- [TASK DESCRIPTION]
Give all of the data again exactly as written, omitting every image.

- [INPUT]
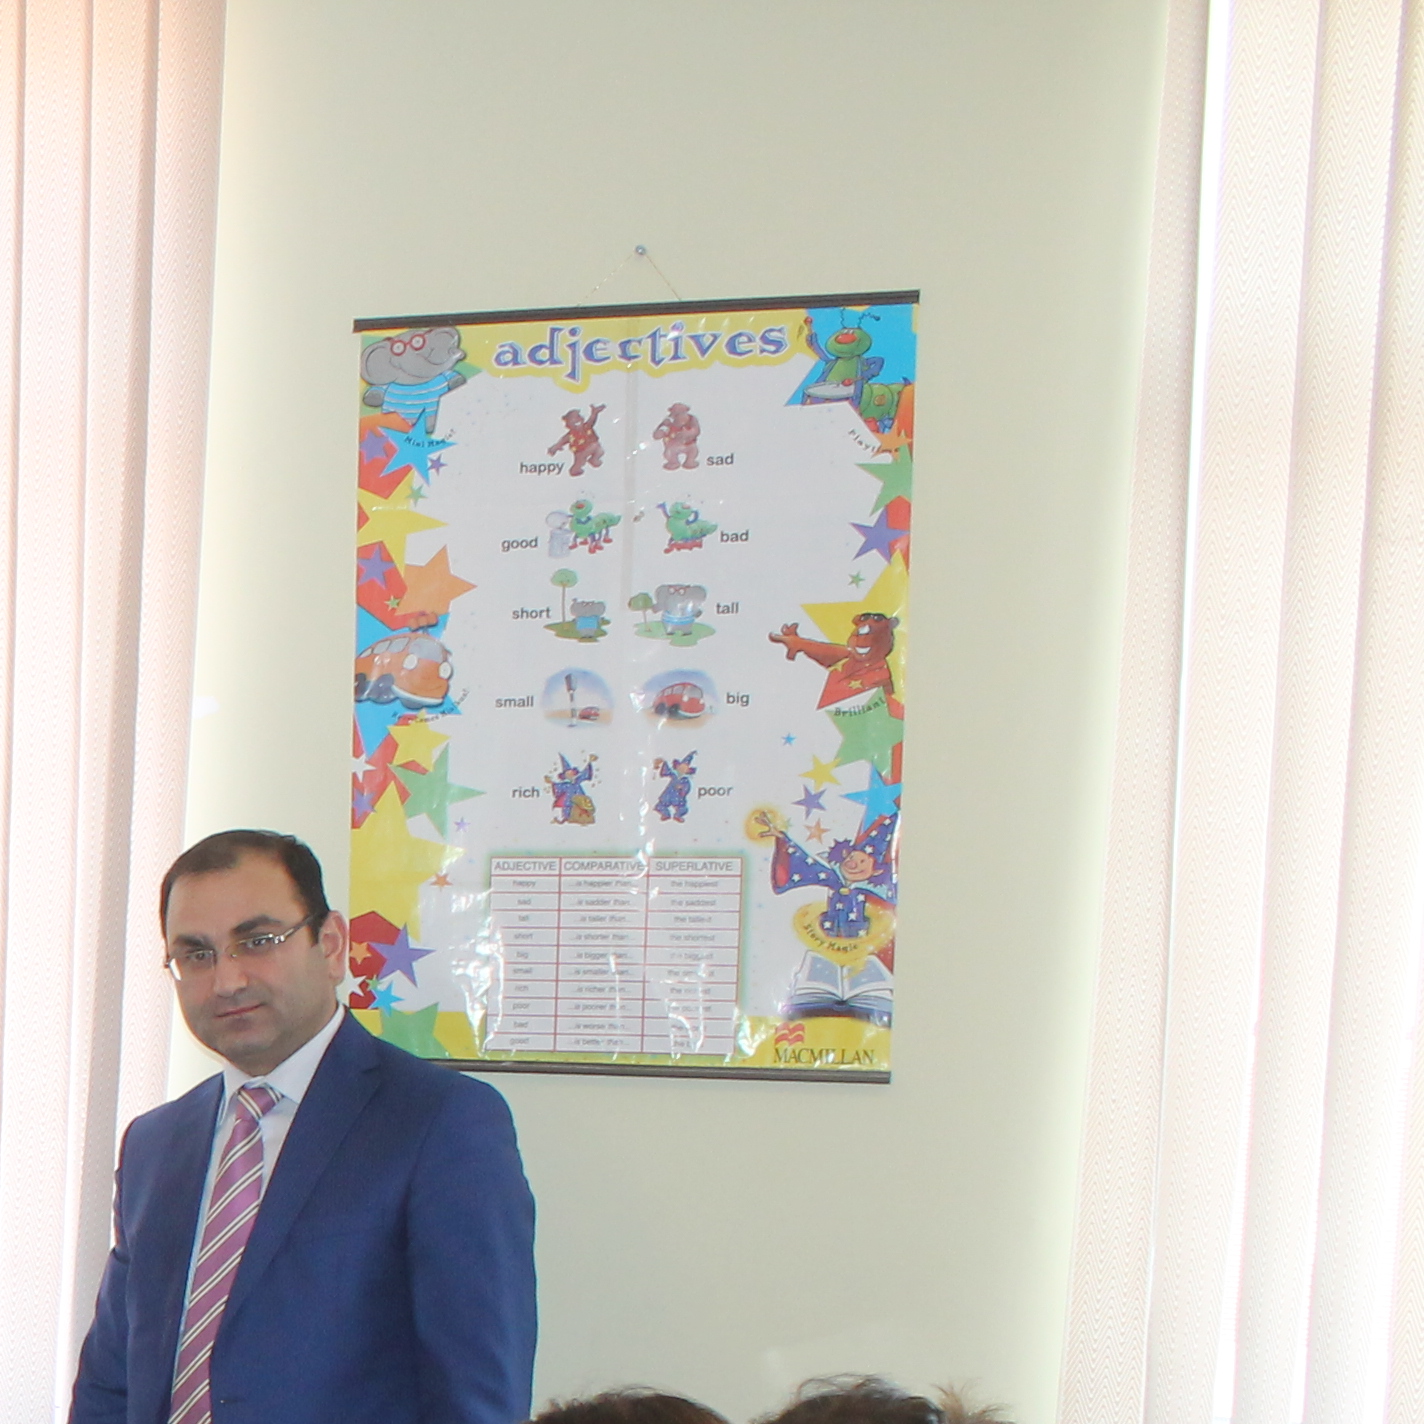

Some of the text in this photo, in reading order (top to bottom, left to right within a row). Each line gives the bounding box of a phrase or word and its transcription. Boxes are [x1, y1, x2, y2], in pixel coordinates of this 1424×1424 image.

[493, 321, 789, 383] adjectives
[706, 454, 734, 467] sad
[519, 461, 564, 477] happy
[720, 530, 749, 543] bad
[502, 537, 538, 551] good
[512, 607, 551, 619] short
[716, 603, 739, 615] tall
[495, 696, 534, 708] small
[726, 692, 750, 706] big
[512, 787, 540, 798] rich
[698, 787, 733, 800] poor
[494, 861, 733, 872] ADJECTIVE COMPARATIVE SUPERLATIVE
[803, 923, 826, 947] Story
[773, 1048, 874, 1065] MACMILLAN
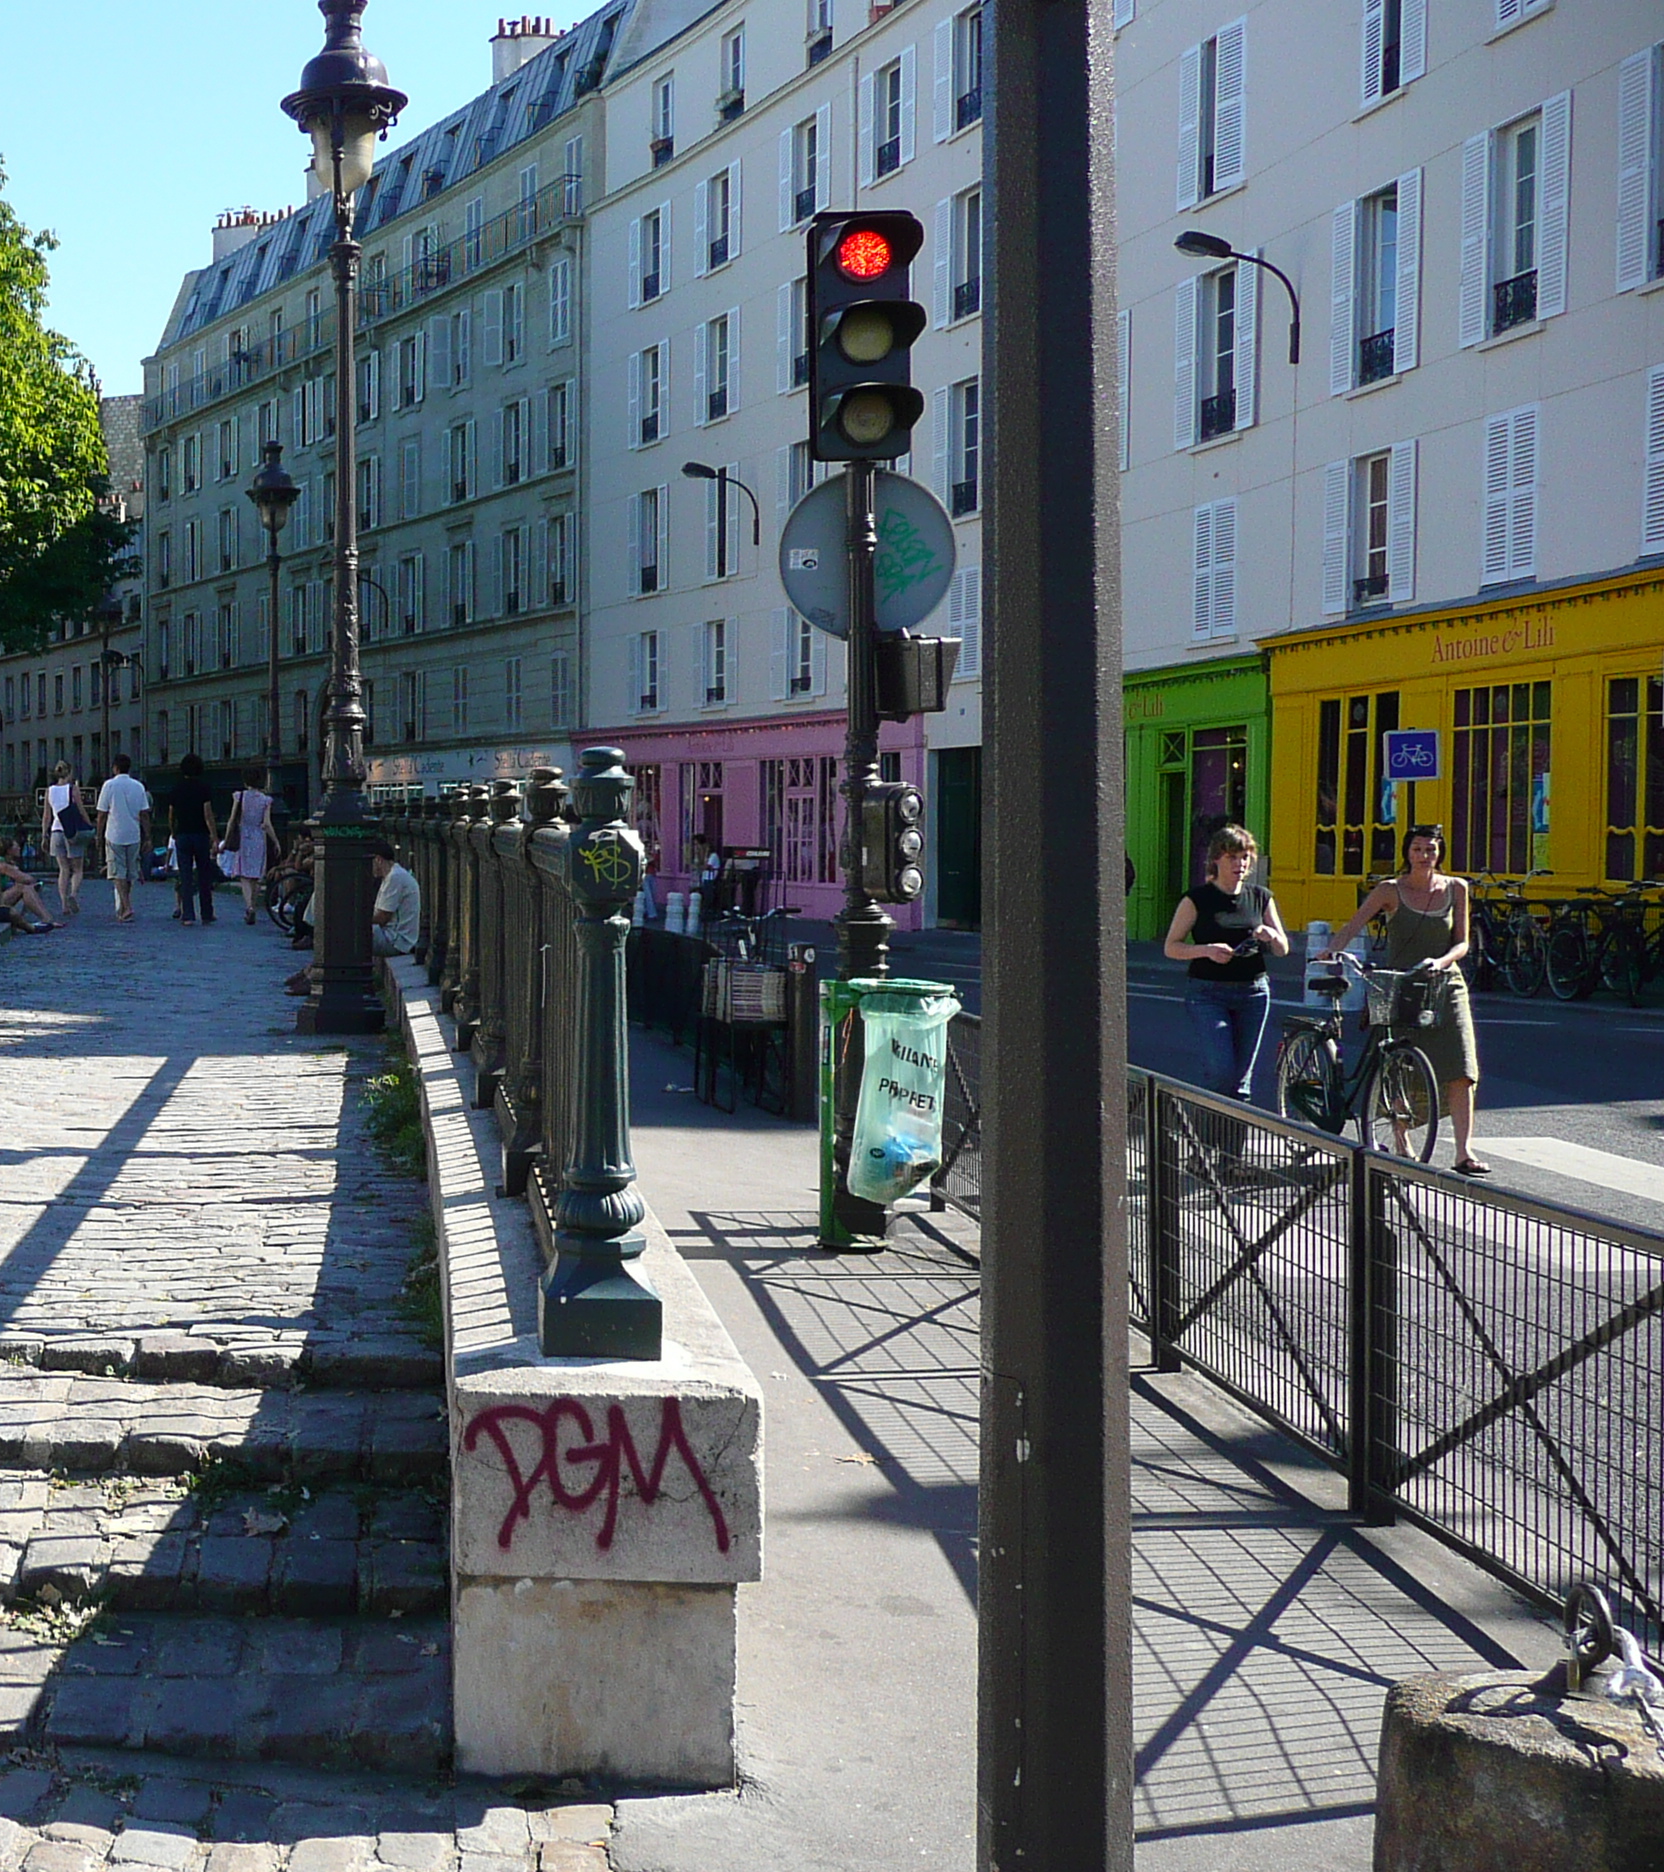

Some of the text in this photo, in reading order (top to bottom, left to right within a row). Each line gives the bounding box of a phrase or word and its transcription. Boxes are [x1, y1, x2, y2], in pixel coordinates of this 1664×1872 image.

- [RESULT FOR THIS EXERCISE]
Some of the text in this photo, in reading order (top to bottom, left to right within a row). Each line gives the bounding box of a phrase or word and its transcription. Boxes are [x1, y1, x2, y2], in pixel coordinates of this 1424×1424 image.

[493, 321, 789, 383] adjectives
[706, 454, 734, 467] sad
[519, 461, 564, 477] happy
[720, 530, 749, 543] bad
[502, 537, 538, 551] good
[512, 607, 551, 619] short
[716, 603, 739, 615] tall
[495, 696, 534, 708] small
[726, 692, 750, 706] big
[512, 787, 540, 798] rich
[698, 787, 733, 800] poor
[494, 861, 733, 872] ADJECTIVE COMPARATIVE SUPERLATIVE
[803, 923, 826, 947] Story
[773, 1048, 874, 1065] MACMILLAN

Some of the text in this photo, in reading order (top to bottom, left to right within a row). Each line gives the bounding box of a phrase or word and its transcription. Boxes are [x1, y1, x2, y2], in pixel coordinates of this 1664×1872 image.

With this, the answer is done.